Marstrand, Sweden: A building breeze on Marstrand, the rocks lined with race goers, and a program of racing to whet the appetite of any sailing fan all added to what was a spectacular Quarter Final Stage worthy of a Finals performance.
All the expectation and hard-talk appeared to be in vein, as Ian Williams took a decisive victory in the first two matches against Taylor Canfield, moving the pair to match point and a possible clean sweep by the British six-time world champion.
After a short lunch pause to re-group, the US One team clearly had a strong re-think, as they came out with a refreshed playbook, nailing the start just bow ahead of WIlliams in the third.
Exchanging the lead as they passed on the upwind multiple times, Williams had starboard advantage coming into the top gate. Canfield put in a last minute down-speed tack, which allowed Williams back into it.
The two gybed boundary to boundary at speed, with Canfield eventually making it in one less gybe which gave him a comfortable lead and he was able to carry to the finish.
“Obviously getting off the line ahead in a short race track with a lot of manoeuvres is key. We just need to get off the line well and do our jobs well. We've just got to win the next two, we’ve done it before and we will do it again,” Taylor Canfield said from the water before heading into race four.
And sure enough, the American won, squaring the series at 2-2 to setup a sudden death match.
Unfortunately for Canfield, Williams was able to nail the final race and the 2011 Match Cup Sweden winner will lives another day to fight for the 2018 title.
“Psychologically I think it’s quite hard when the other team gets to regroup,” Williams said, referencing the midday intermission in racing. “Of course Taylor and his team came out really, really strong for the afternoon session and they pushed us all the way.”
Yann Guichard had the choice of the fleet and decided to take on local hero Johnie Berntsson in his Quarter Final pairing. Despite facing the force of an island cheering against them, Spindrift Racing took three straight victories over the Swede and continued a winning streak in which the French team has looked in a league of their own at times.
The other Swede in this competition, local Gothenburg skipper Nicklas Dackhammar, is now flying the flag solo after he beat Sam Gilmour in three straight matches, a score line which didn’t truly reflect the racing. Dackhammar said: “They really gave us tough matches. We had three straight wins but in the second and the third, it could’ve gone either way.”
In an all-Australian battle, reigning Match Racing world champion, Torvar Mirsky, was racing Sydney’s young match racing sensation, Harry Price. Price, in his first season as a Tour Card holder, was the underdog on paper but didn’t let the pressure get to him.
Before the racing he stated, “Torvar might be the world champion, but this isn’t the Worlds. It’s another regatta and it’s anyone’s game.”

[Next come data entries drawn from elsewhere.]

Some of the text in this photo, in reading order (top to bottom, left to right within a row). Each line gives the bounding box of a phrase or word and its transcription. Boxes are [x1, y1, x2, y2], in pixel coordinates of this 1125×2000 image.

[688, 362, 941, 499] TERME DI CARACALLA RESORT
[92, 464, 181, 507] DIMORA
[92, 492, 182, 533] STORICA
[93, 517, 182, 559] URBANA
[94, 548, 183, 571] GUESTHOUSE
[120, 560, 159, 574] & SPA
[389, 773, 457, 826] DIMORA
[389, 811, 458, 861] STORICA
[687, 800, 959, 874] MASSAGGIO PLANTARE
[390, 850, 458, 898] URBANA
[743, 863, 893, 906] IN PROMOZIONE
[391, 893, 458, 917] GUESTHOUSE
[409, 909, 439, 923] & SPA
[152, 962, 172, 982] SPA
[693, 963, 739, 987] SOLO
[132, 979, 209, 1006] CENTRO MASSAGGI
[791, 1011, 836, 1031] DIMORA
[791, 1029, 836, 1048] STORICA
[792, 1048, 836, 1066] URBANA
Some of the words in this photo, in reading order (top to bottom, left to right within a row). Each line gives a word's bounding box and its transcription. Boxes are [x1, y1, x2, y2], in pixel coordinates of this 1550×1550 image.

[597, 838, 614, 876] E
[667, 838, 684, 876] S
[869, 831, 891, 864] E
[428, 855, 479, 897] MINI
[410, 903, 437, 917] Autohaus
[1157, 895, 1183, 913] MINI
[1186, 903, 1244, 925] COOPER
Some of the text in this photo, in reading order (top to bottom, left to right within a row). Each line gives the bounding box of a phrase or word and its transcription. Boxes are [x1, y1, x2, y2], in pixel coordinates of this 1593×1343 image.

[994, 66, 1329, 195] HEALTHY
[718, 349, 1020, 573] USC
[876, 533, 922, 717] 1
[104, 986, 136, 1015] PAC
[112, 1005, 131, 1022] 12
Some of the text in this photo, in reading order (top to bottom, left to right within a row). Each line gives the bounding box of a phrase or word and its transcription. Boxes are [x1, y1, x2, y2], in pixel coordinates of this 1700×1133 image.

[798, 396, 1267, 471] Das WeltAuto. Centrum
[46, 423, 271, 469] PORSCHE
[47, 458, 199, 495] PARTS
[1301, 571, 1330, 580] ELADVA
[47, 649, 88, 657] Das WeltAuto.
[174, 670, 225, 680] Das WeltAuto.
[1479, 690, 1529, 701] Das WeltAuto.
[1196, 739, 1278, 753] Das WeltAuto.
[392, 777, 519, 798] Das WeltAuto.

Price’s team on Down Under Racing lived up to their promise, cruising to victory in the opening match, surprising many watching from shore. They went on to lead the next race until over-cooking the layline on the first upwind, allowing Mirsky just to leeward to sail past. Around the weather mark they pounced and rolled back into the lead.
On a run which totalled five gybes as Mirsky fought to keep hold, both finally headed for the right turn mark, with Mirsky gaining an overlap at the zone to round inside and lead up the final beat. Price tried to pull Mirsky into a tacking duel, but the World Champ didn’t bite, taking the right side and holding the lead until the end.
Mirsky came back to take the fourth, sending the pair to a sudden death battle. In the final race, Price misjudged his final run back to the line and was just over at the gun and was forced to pull back, allowing Mirsky an easy ride to the lead.
Although the pair was at close quarters, Mirsky held a lead though the first lap. On the final upwind Price hit the top right corner, where the breeze lifted him to the layline and caught out Mirsky on starboard tack.
Already down speed from the previous tack, Mirsky was forced to tack again with his gennaker out. The low speed move gave Price all the opportunity he needed to grasp the race and lead home to the finish.
In an interview just moments after crossing the finish line Price was speechless. “Tell you what – going up against Torvar, the reigning world champion – it’s just…I’m speechless.”
“The boys put in a great effort, a lot of comebacks from behind. But it ain’t over till it’s over.”
The action from today has setup another stellar line-up of racing tomorrow as Guichard and Dackhammar, both winning their Quarter Final 3-0, make up one side of the draw with Williams and Price having gone the distance today will complete the Semi Final Stage line-up.
The Women’s Class resumes tomorrow following a break today. New Zealand’s Olivia Mackay made a surprise pick of opponent in Anna Oestling, the most experienced M32 racer in the fleet.
That left Clare Costanzo (AUS) to battle Renee Groeneveld. Costanzo has the youngest team at the competition, but flying as the highest ranked female team on the World Sailing Open Match Race Rankings, while Groeneveld has experience as an Olympic match racer and former Nacra sailor.
Semi Final Stages in both classes will run side-by-side tomorrow starting at 10:00 here in Marstrand where more of the same is hoped for.